Aisha will leave soon, and Auntie will stand still, as she always does, in front of this window with its white iron bars and view of the Jacaranda tree, its vivid purple bright against the bark. As the days pass, its flowers will gently drop, the bloom dispersing itself into a violet blanket coating the ground. And while Auntie will continue with her days, going to work, visiting relatives, nurturing small voices at her school, it will be some weeks before she does not miss the shape colouring in her shadow, the little pips of the British voice and strange imaginings of the child. In turn, while Auntie stands for a moment – hands stilled in the flour, paused – Aisha waits in another land for a hand to stroke her hair, and misses the quiet words in a language which she does and does not speak. In this way, they are together though neither knows it; a diasporic bond made by light and memory. If they could both travel through time and space, it would be to moments such as these; the thum-tum of the flour, the scratch of lilac crayon, mirror hands at work.  

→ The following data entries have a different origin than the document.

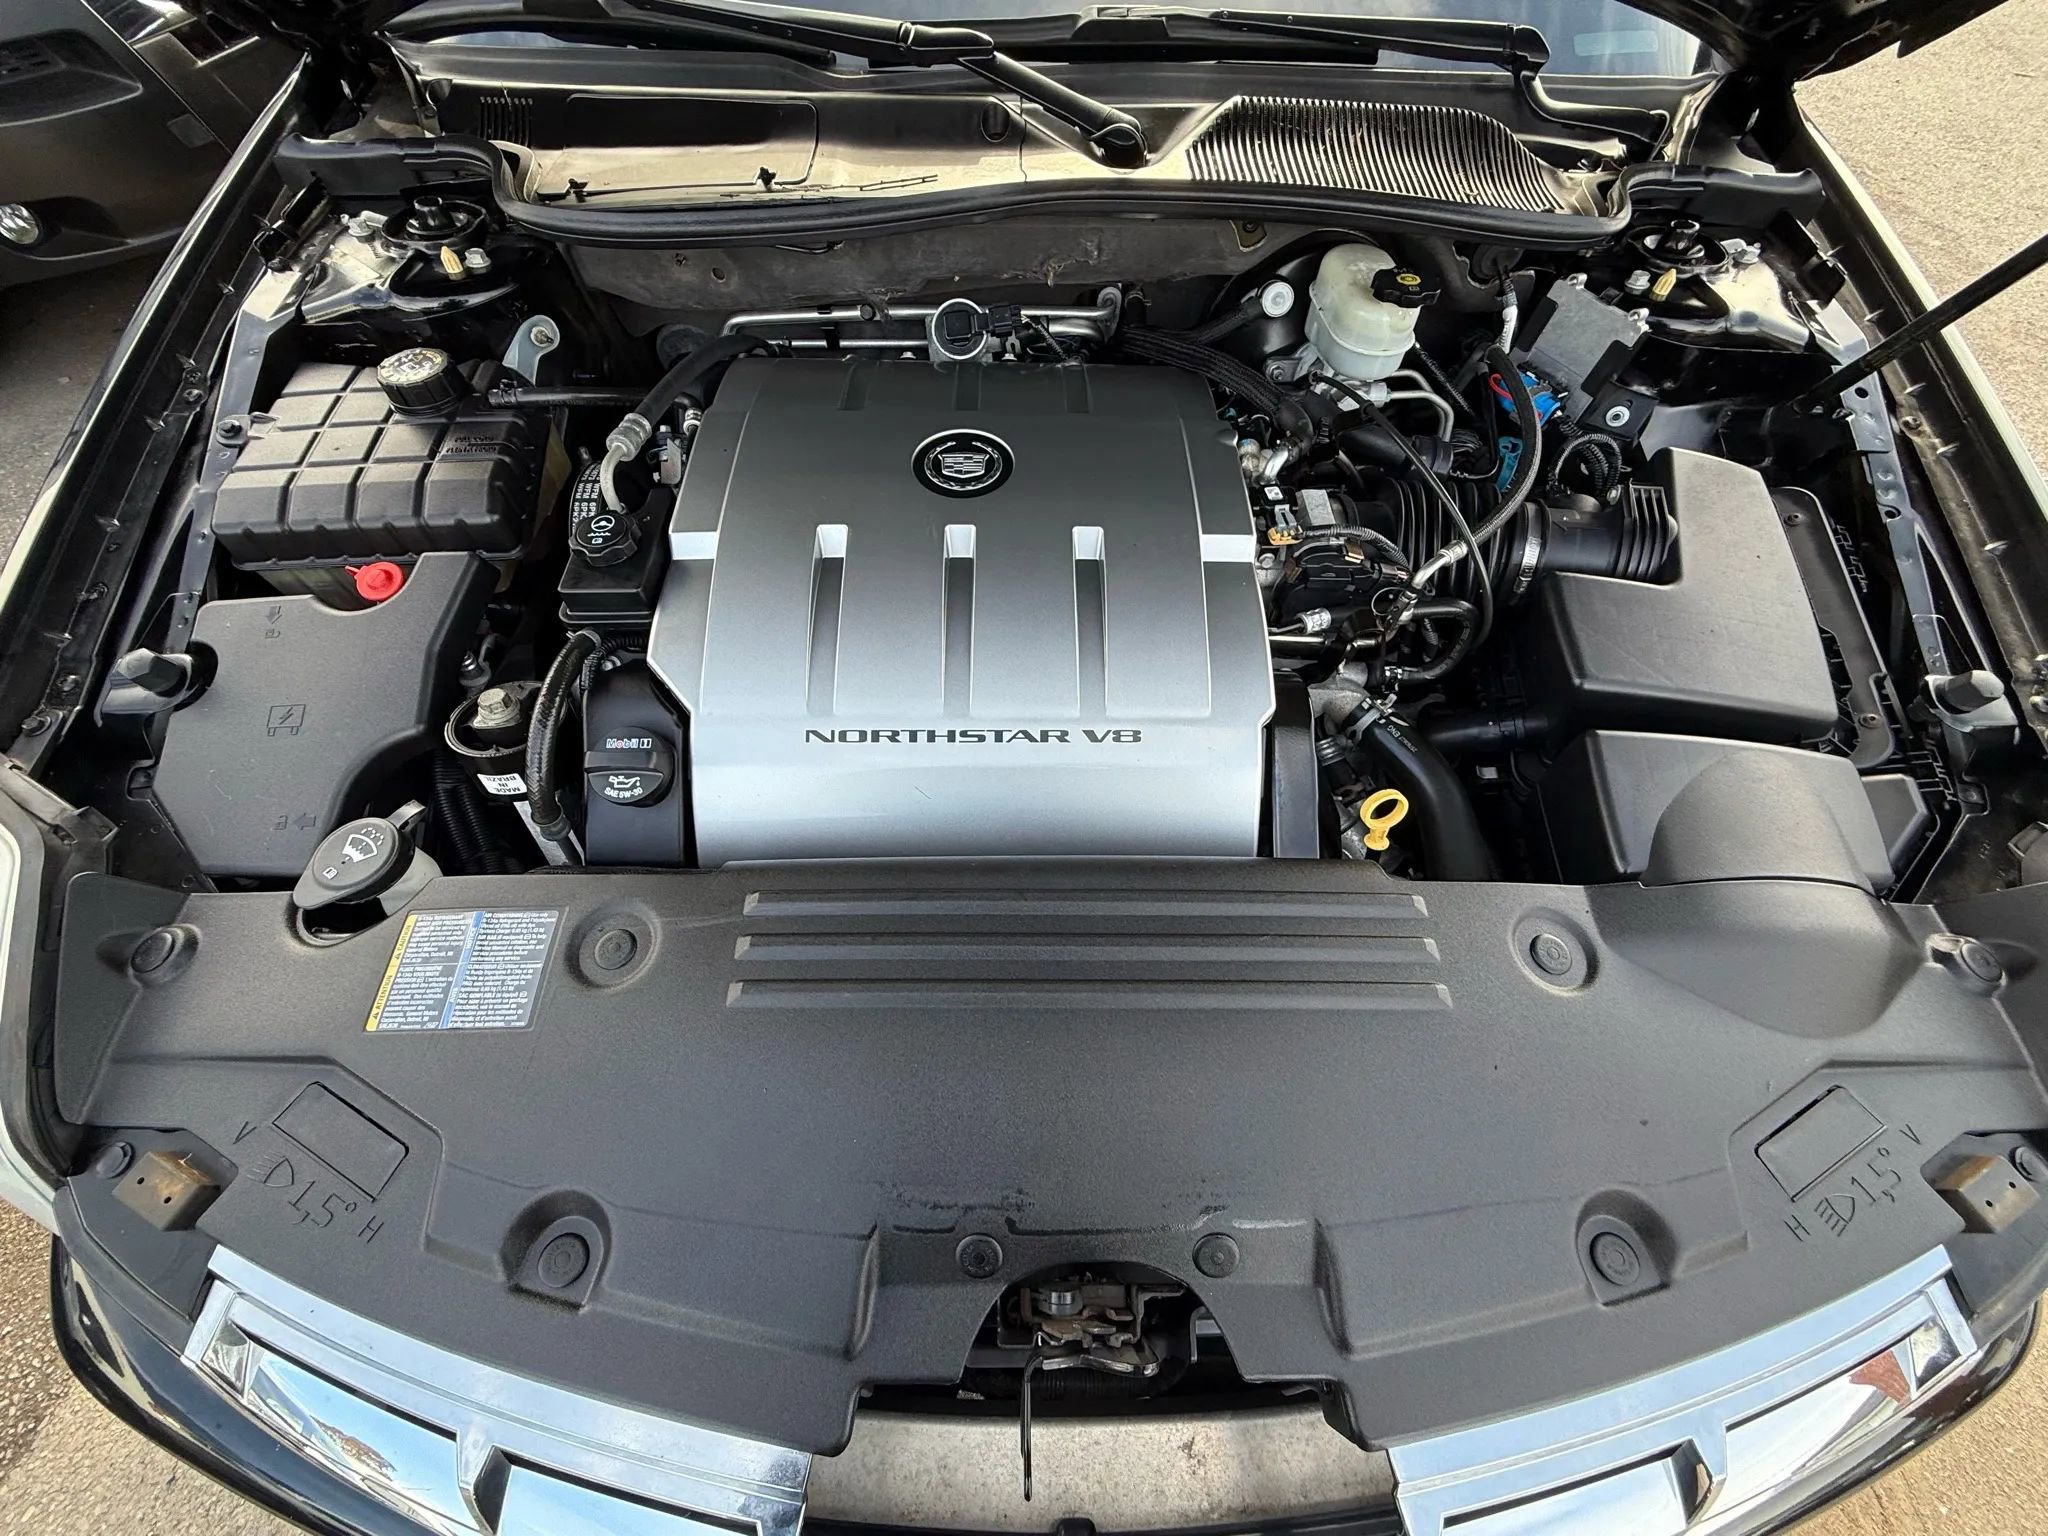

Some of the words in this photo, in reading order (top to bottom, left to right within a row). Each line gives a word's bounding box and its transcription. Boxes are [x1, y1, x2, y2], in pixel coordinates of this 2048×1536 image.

[606, 738, 639, 749] Mobil
[804, 728, 1071, 744] NORTHSTAR
[1081, 728, 1143, 744] V8
[604, 787, 619, 798] SAE
[618, 787, 643, 799] 5W-30
[397, 924, 412, 951] CAUTION
[375, 975, 392, 1010] ATTENTION
[357, 1215, 385, 1244] H
[1783, 1214, 1812, 1242] H

As Aisha grows she will picture Auntie – will need to, in order to keep her there – butternut shaped and walking through Harare streets with busyness and authority. Aisha will picture navy blue pumps, a pressed navy salwar-kameez and scarf, and the loneliness will feel so heavy that she will turn to her own hands to try and hold on to those so far away. She will wonder if Auntie will ever meet her children, and the grief of that not-yet-lost loss could last for generations. Over telephone static, Aisha cannot tell Auntie that the people here do not know how to pronounce Ma’s name, that they say her own like a continent, and then presume that is where she is from. Over telephone static, Auntie cannot tell Aisha about the years of blankes nie blankes, about suitcases full of trillion dollar bills to pay for bread, petrol queues and generators sighing in the night. But they ask how are you, and how is so and so, and it must be cold there, shame, such hot weather take care now. And perhaps these things are enough, perhaps they are more than nothing at all, or perhaps they are only markers of the gulf. 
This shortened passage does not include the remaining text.